Anonymous by Anonymous

This is a guest blog post by someone who often prefers, aptly in this case, to write anonymously: 

Peter Sammartinoʻs The Man Who Was Shakespeare –that is Edward de Vere, the 17th Earl of Oxford — addresses the central issue as a Literary issue that was Poetry for Drama. His case is very sound: from a writerʻs viewpoint — style, vocabulary, range, experiential intelligence, artistic sensitivity to structure, character, theme, place, and period. The details that support these are profound. It is impossible for a 15th-16th c. English commoner with a 9th grade education in a water tight restrictive social, political, economic, and religious background to have been familiar with the language and political nuances of the English Court and British and Continental then contemporary history.

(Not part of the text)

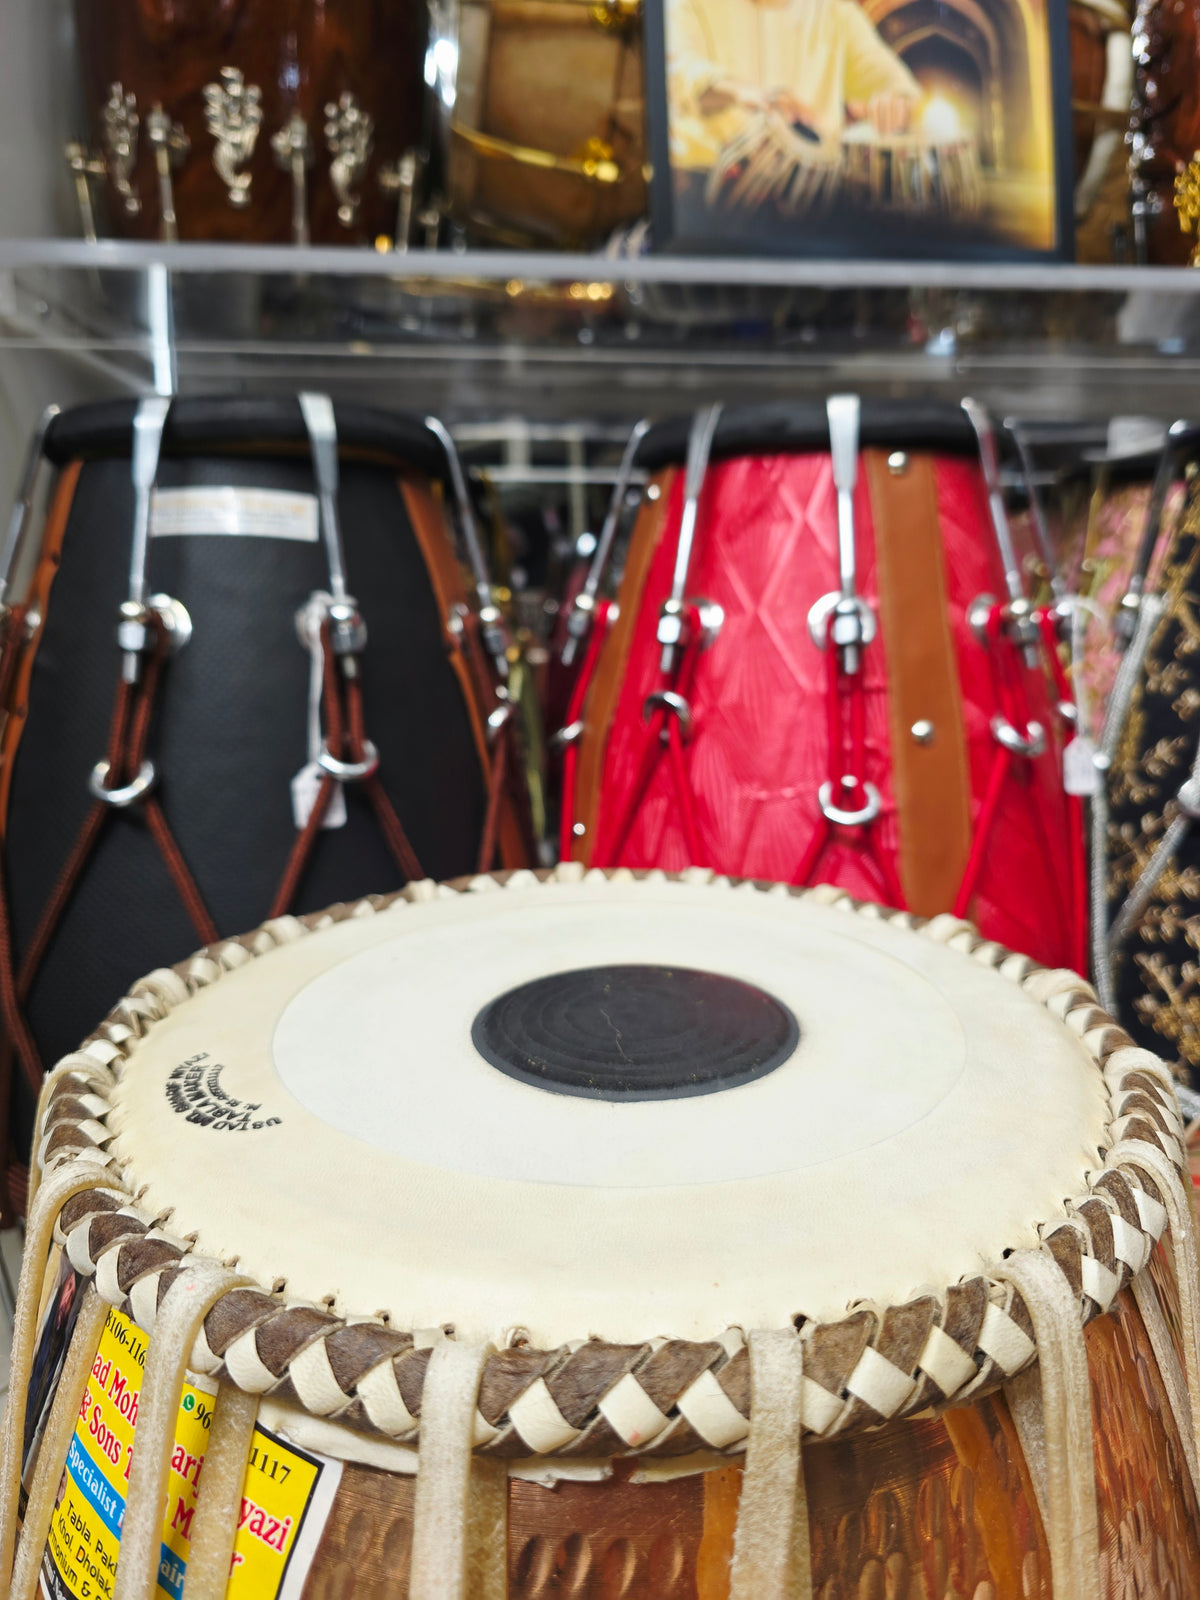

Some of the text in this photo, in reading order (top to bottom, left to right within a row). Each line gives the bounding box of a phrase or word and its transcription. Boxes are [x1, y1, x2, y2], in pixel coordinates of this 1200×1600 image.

Oxford was forbidden to put his name as author to any poem or play he wrote. Plays were for the low classes to write and act; poets were pretentious hacks: royalty never ever engaged in them except to deliver them as entertainment, written and acted by non-titled. Even today plays as entertainment are tinged with the scandalous on the level of prostitutes, destitutes, etc. –of which a Stratford resident named Shakesper (his legal documents spelling) was only too happy to claim because it paid well. Sammartinoʻs bibliography includes the studies by Charlton Ogburn The Mystery of Mr. William Shakespeare (Penguin, 1988), John T. Looneyʻs Shakespeare Identified (n.d.), W.P. Fowlerʻs
study of Oxfordʻs letters in Shakespeare Revealed, E.T. Clarkeʻs Hidden Allusions, as well as a 1573 anthology of poems, etc., and an unpublished work, the Freeman Ms. Then there are the Folios. As a LITERARY WORK,the TEST IS IN THE WRITING ITSELF, especially its style, range, emotional maturity, keeness of observation. Elizabethan and Jacobean England was incredibly class conscious (the current Jane Austen movies of the early 19th c. shows how little love could cut that ice, were the upper class structures not already falling, as 20th c.Downton Abbey displays). Oxford was, in the end, disgraced and sent to the Isle of Man, to live with only one manservant: he lived seven years beyond his OFFICIALLY ANNOUNCED DEATH DATE (l604), until 1611, He was punished for writing the greatest dramatic poetry in the English language, the equal of the collectively translated King James Bible — except that he wrote it alone, and the Bible was translated by 47 men, led by the eloquent preacher Lancelot Andrewes. L.A,Perkins READ THE GREATEST MYSTERY — THAT THE ENGLISH DEPARTMENTS IN THE LAND ARE NOT WILLING TO MEET IN A CONSENSUS . . .but believe an illiterate was a genius in a period of many, many superb writers called Renassance Elizabethans.